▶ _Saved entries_

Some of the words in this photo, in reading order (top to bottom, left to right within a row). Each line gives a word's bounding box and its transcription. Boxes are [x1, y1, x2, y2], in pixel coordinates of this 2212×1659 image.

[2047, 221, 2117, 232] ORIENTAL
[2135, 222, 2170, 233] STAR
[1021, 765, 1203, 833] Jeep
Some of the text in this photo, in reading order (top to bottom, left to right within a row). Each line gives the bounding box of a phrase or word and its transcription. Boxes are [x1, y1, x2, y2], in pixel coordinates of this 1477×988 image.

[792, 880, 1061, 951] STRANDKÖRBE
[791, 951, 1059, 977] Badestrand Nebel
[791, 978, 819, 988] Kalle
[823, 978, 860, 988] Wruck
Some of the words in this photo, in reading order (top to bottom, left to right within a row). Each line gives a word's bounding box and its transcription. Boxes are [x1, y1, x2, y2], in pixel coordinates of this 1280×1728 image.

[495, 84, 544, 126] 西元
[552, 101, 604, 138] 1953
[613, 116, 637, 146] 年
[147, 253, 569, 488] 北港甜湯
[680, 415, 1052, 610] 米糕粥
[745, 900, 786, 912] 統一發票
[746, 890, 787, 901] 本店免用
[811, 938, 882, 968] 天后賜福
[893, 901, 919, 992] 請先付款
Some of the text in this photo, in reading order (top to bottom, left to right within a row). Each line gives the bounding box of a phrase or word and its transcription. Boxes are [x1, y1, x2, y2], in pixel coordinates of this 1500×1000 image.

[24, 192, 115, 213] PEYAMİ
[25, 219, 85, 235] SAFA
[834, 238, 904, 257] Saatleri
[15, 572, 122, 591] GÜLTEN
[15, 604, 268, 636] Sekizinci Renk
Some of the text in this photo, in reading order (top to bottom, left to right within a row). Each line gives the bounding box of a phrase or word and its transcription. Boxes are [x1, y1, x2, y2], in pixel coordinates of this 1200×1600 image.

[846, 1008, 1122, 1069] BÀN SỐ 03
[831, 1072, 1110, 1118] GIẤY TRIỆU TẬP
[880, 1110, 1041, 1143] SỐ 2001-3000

▶ _Problem requirements_
Quote only the lines from the one containing "this 1200×1600 image." through the final line of the records, with both ends included.

▶ _Final answer_
Some of the text in this photo, in reading order (top to bottom, left to right within a row). Each line gives the bounding box of a phrase or word and its transcription. Boxes are [x1, y1, x2, y2], in pixel coordinates of this 1200×1600 image.

[846, 1008, 1122, 1069] BÀN SỐ 03
[831, 1072, 1110, 1118] GIẤY TRIỆU TẬP
[880, 1110, 1041, 1143] SỐ 2001-3000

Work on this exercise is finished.